▶ _DATA FOR THIS TASK_:
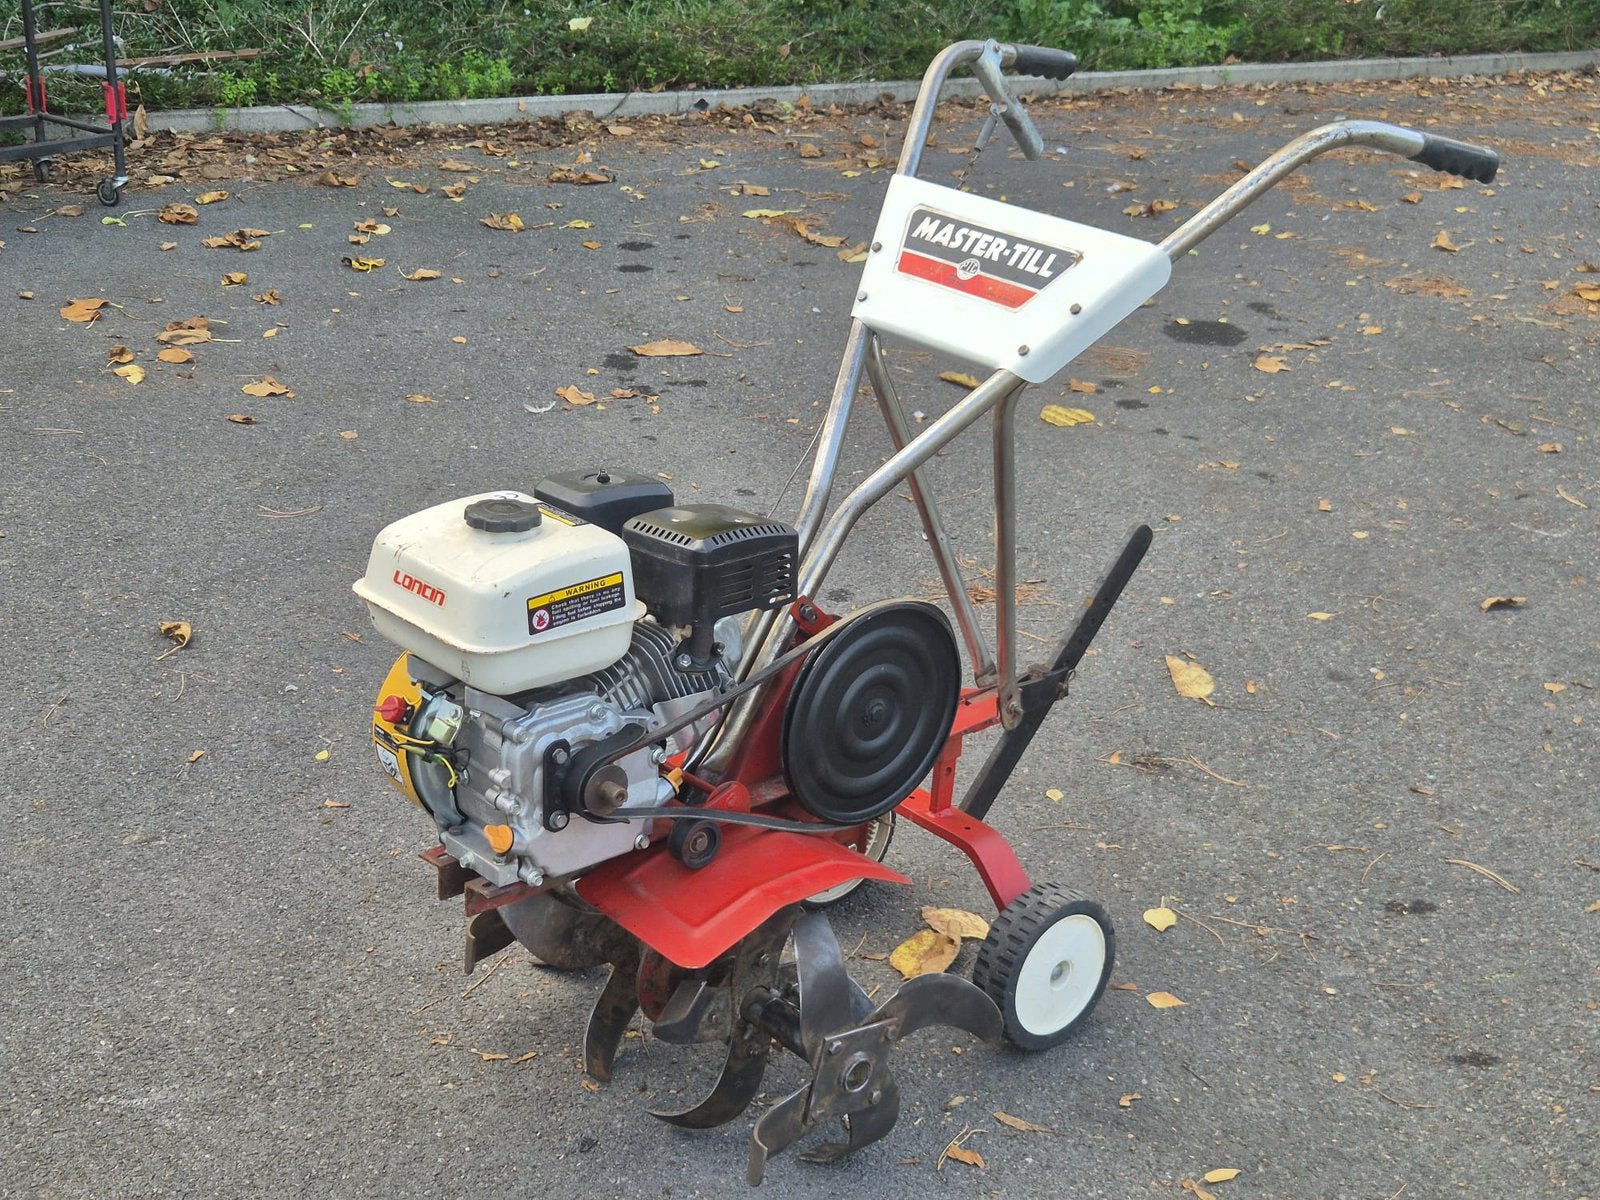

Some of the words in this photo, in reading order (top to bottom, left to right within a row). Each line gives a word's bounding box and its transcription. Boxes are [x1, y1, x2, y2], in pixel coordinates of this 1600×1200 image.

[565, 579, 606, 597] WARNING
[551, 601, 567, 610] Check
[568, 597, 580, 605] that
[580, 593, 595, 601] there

▶ _TASK DESCRIPTION_: A faithful copy of the data is required: each word kept, each picture omitted.

▶ _SOLUTION TO THE PROBLEM_:
Some of the words in this photo, in reading order (top to bottom, left to right within a row). Each line gives a word's bounding box and its transcription. Boxes are [x1, y1, x2, y2], in pixel coordinates of this 1600×1200 image.

[565, 579, 606, 597] WARNING
[551, 601, 567, 610] Check
[568, 597, 580, 605] that
[580, 593, 595, 601] there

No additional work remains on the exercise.